Dyson’s Model of Life is a theory of origin of life:
- cells form as machines that perform tasks
- genes show up later as parasites, eventually forming symbiosis with cells
Read: and so, we can essentially ditch trying to find things characteristics of “cells” per-se like RNA, instead we can go about finding generic boxes of containers called “cells” and see how they evolve.
See also: high chemical activity, metabolism, Stepwise Evolution, and Two Main Functions of Life
constituents
- \(x\): percentage of active binding sites
- \(w\): percentage of inactive binding sites
- \(z\): percentage of “empty binding sites”
- \(p(k)\): probability distribution for a site to be in any given state at time \(k\)
- \(\Psi(x)\): rate of activation “efficiency in active monomers in acceleration monomer absorption”
requirements
- evidently, because percentages: \(x+w+z = 1\)
- Active monomer absorption: \(\Psi(x) \cdot p\)
- Inactive monomer absorption: \(p\)
additional information
general intuition
- some kind of isolated droplet contains a population of molecules
- chemical reactions occur to the whole droplet such that its state changes
Recall the Two Main Functions of Life: metabolism and replication. So, if we want our Dyson’s Model to capture life, we should try to encode them into our model. Turns out, we can use the language of Stepwise Evolution to describe our model.

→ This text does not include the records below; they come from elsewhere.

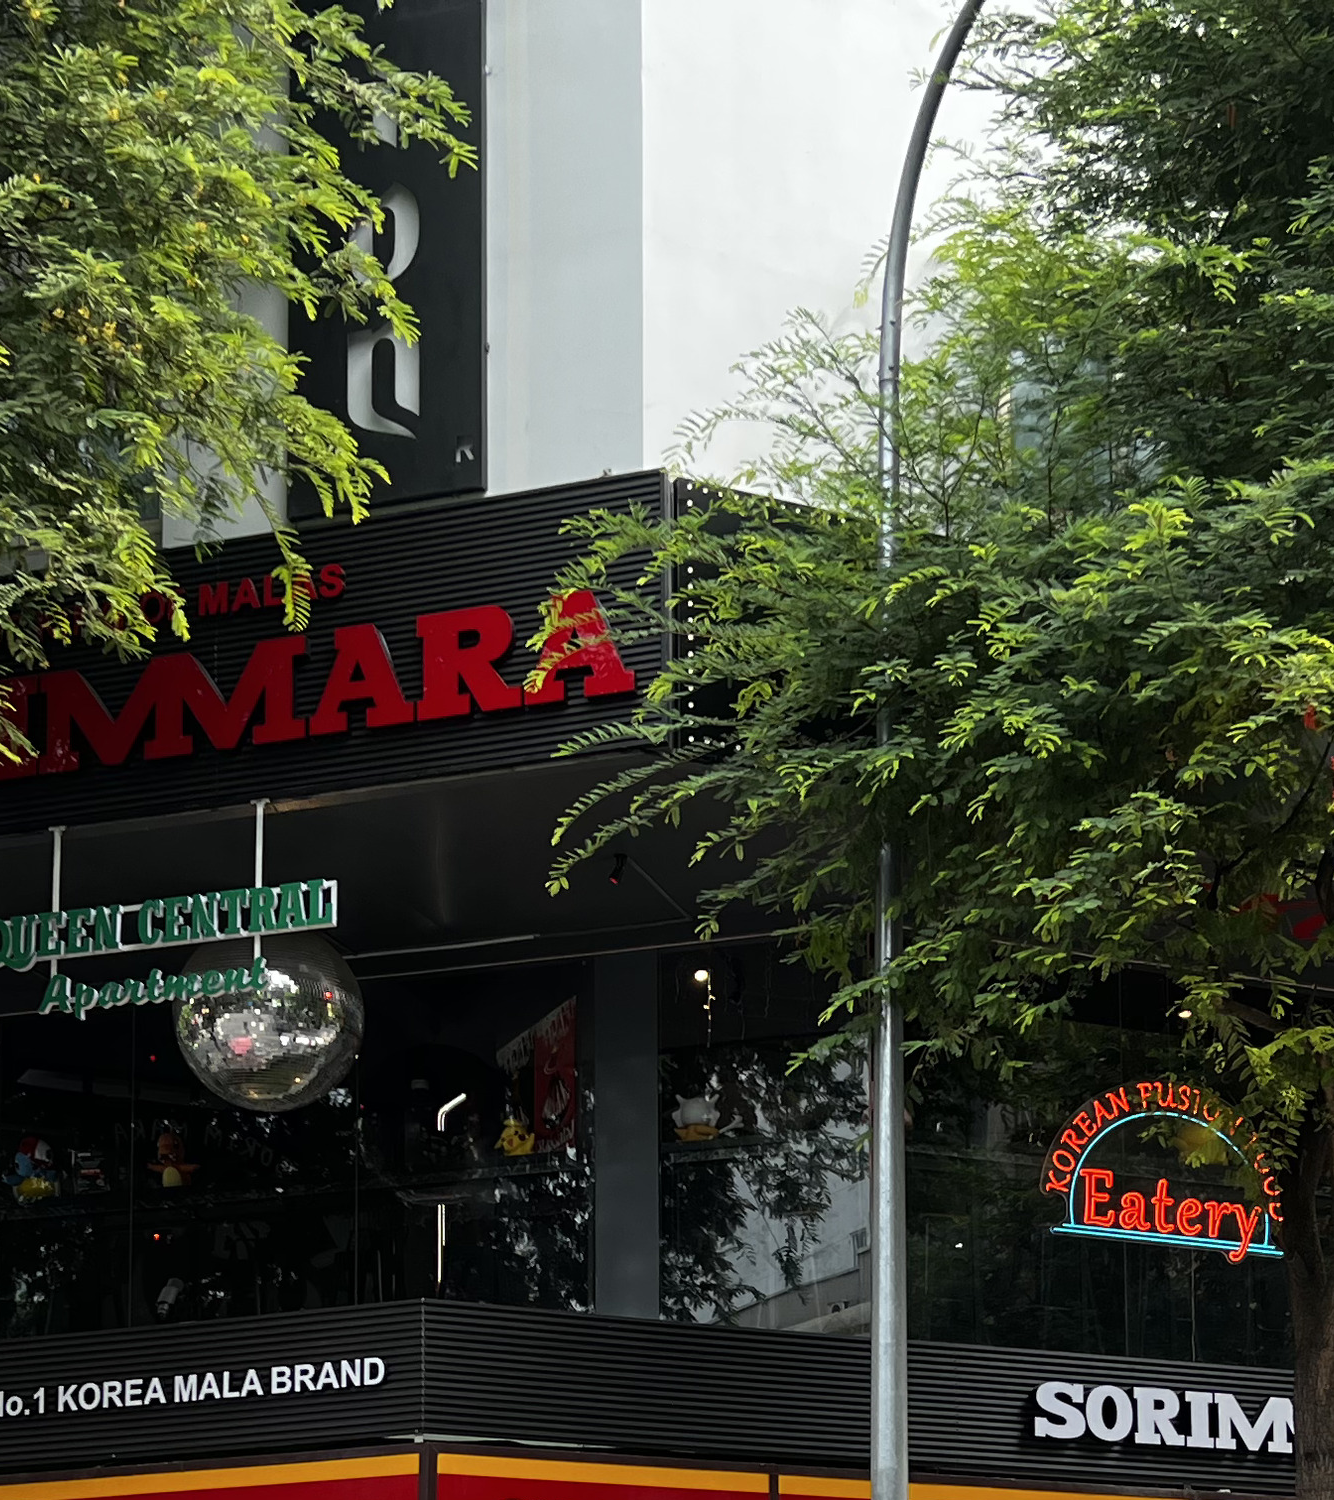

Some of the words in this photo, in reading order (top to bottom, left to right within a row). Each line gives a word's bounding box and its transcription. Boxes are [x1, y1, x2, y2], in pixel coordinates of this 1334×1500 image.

[198, 563, 347, 617] MALAS
[137, 878, 334, 944] CENTRAL
[40, 956, 270, 1020] Apartment
[1045, 1086, 1130, 1193] KOREAN
[1137, 1081, 1245, 1136] FUSIO
[1080, 1168, 1262, 1263] Eatery
[57, 1379, 166, 1413] KOREA
[173, 1368, 264, 1404] MALA
[270, 1357, 386, 1395] BRAND

Therefore, let’s declare that there is only two states to our system, in which our particle is quasi-stationary (it wiggles but doesn’t go anywhere):
- “high chemical activity”, a.k.a. “metabolism” — “ordered” state
- “low chemical activity” — disordered state
Our transition \(M\), then, only has to encode transitions between these two states. Dyson claims that, in his model, this transition happens spontaneously when the circumstances is correct.